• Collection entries

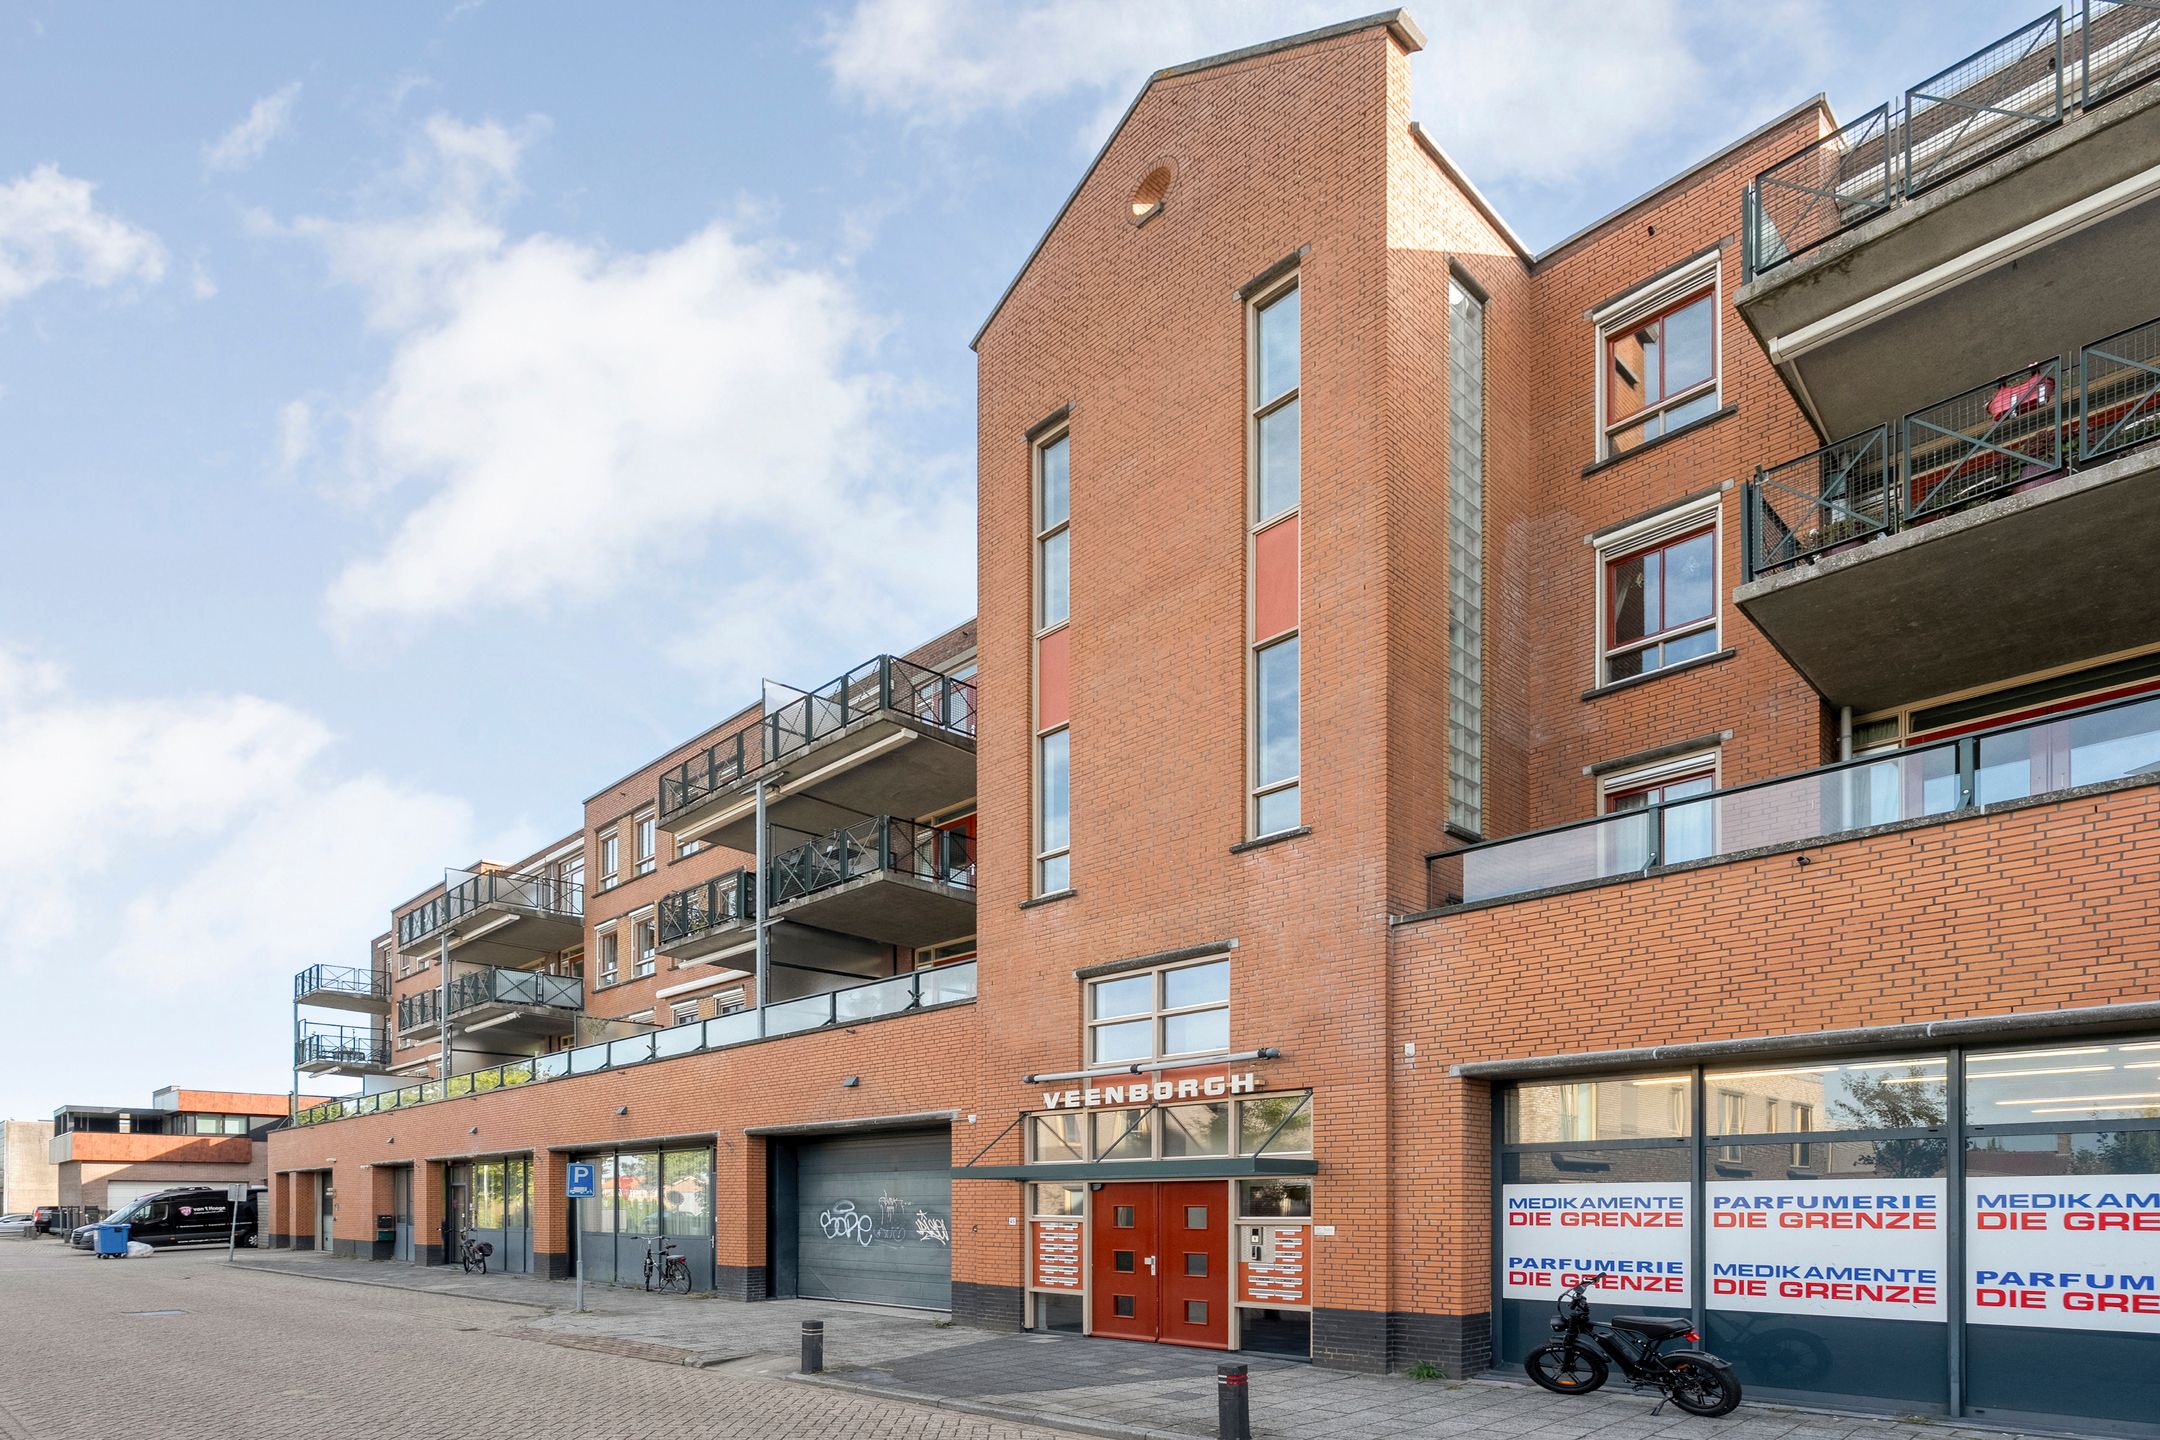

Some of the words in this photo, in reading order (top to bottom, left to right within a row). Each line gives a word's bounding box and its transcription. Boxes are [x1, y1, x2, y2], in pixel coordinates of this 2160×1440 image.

[1043, 1073, 1254, 1109] VEENBORGH
[574, 1166, 589, 1184] P
[1509, 1197, 1683, 1209] MEDIKAMENTE
[1713, 1195, 1937, 1210] PARFUMERIE
[1509, 1212, 1551, 1227] DIE
[1560, 1212, 1683, 1228] GRENZE
[1713, 1212, 1767, 1229] DIE
[1779, 1212, 1937, 1230] GRENZE
[1977, 1212, 2047, 1231] DIE
[2063, 1212, 2160, 1231] GRE
[1509, 1257, 1683, 1274] PARFUMERIE
[1713, 1263, 1937, 1284] MEDIKAMENTE
[1509, 1271, 1551, 1287] DIE
[1976, 1270, 2155, 1291] PARFUM
[1713, 1279, 1767, 1297] DIE
[1779, 1281, 1937, 1305] GRENZE
[1976, 1289, 2047, 1309] DIE
[2063, 1292, 2160, 1314] GRE
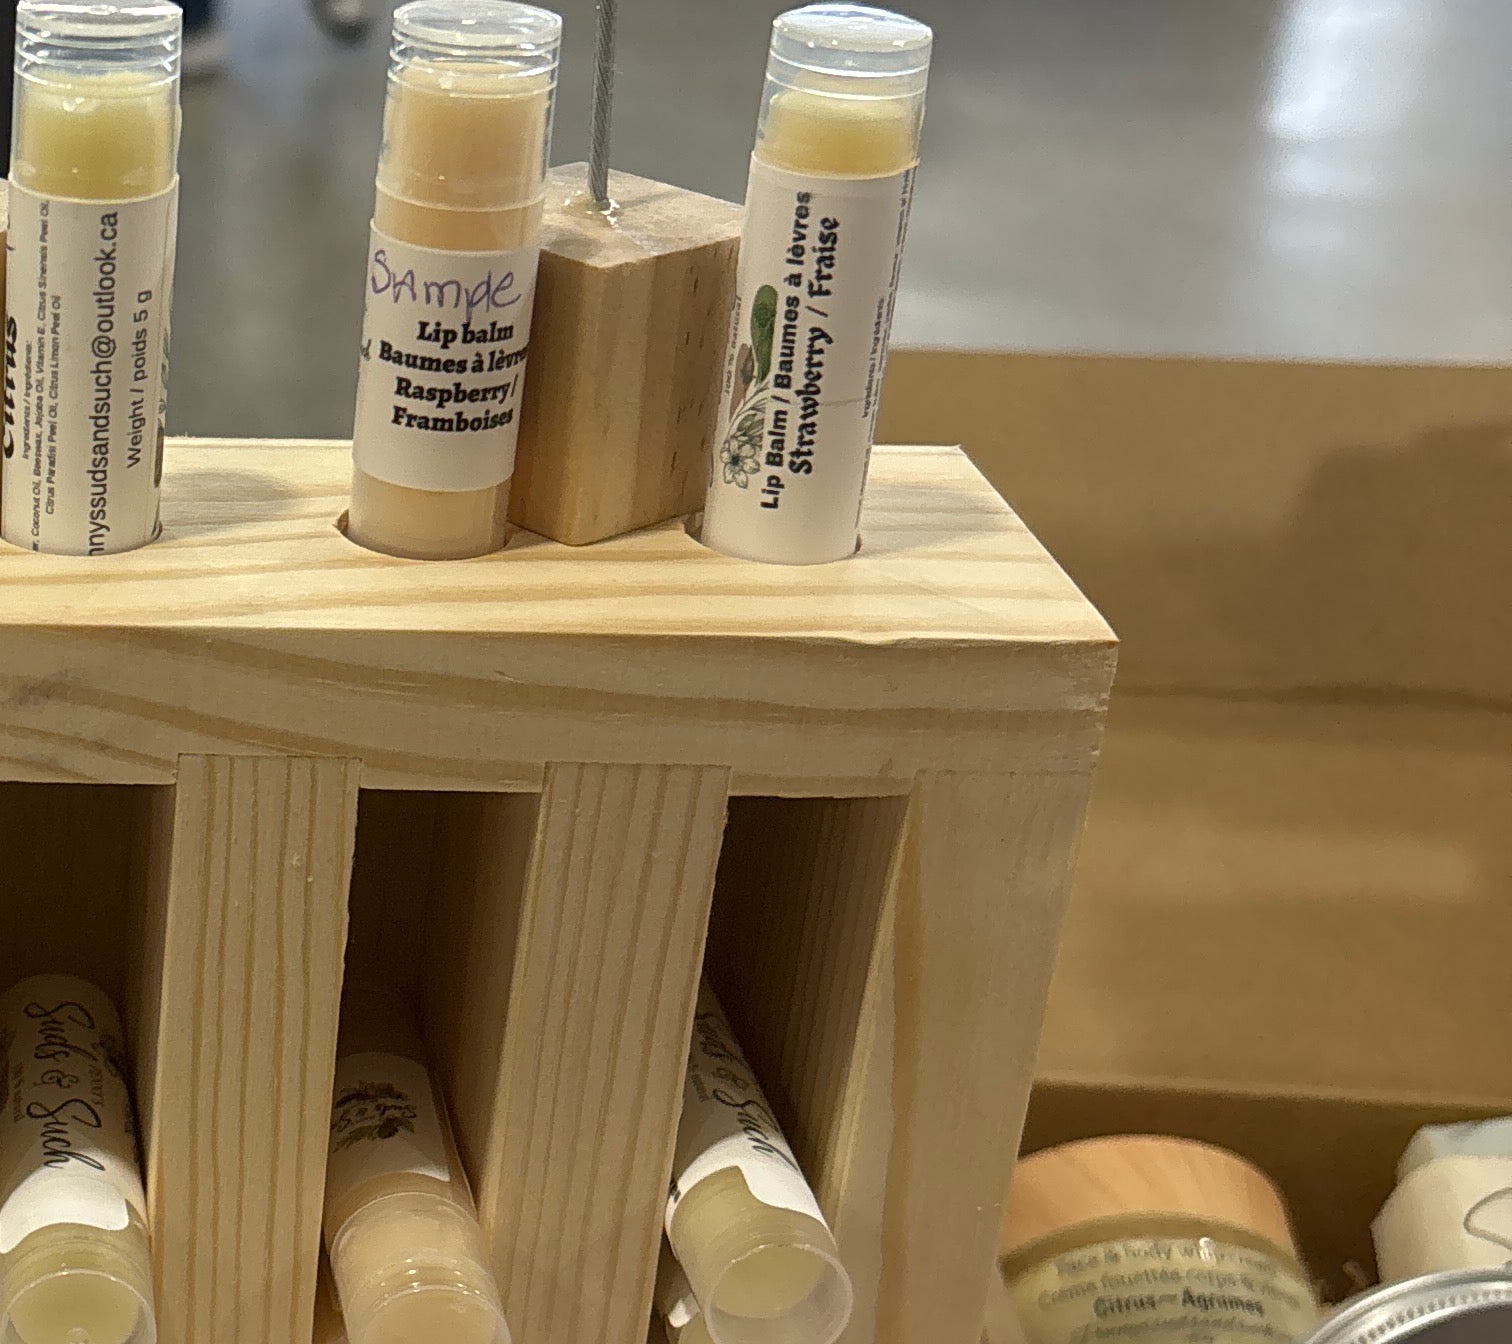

• WORK TASK
Every record above must be given again exactly; drop the pictures.

• OUTPUT OF THE TASK
Some of the words in this photo, in reading order (top to bottom, left to right within a row). Each line gives a word's bounding box and its transcription. Boxes are [x1, y1, x2, y2], in pixel coordinates of this 2160×1440 image.

[1043, 1073, 1254, 1109] VEENBORGH
[574, 1166, 589, 1184] P
[1509, 1197, 1683, 1209] MEDIKAMENTE
[1713, 1195, 1937, 1210] PARFUMERIE
[1509, 1212, 1551, 1227] DIE
[1560, 1212, 1683, 1228] GRENZE
[1713, 1212, 1767, 1229] DIE
[1779, 1212, 1937, 1230] GRENZE
[1977, 1212, 2047, 1231] DIE
[2063, 1212, 2160, 1231] GRE
[1509, 1257, 1683, 1274] PARFUMERIE
[1713, 1263, 1937, 1284] MEDIKAMENTE
[1509, 1271, 1551, 1287] DIE
[1976, 1270, 2155, 1291] PARFUM
[1713, 1279, 1767, 1297] DIE
[1779, 1281, 1937, 1305] GRENZE
[1976, 1289, 2047, 1309] DIE
[2063, 1292, 2160, 1314] GRE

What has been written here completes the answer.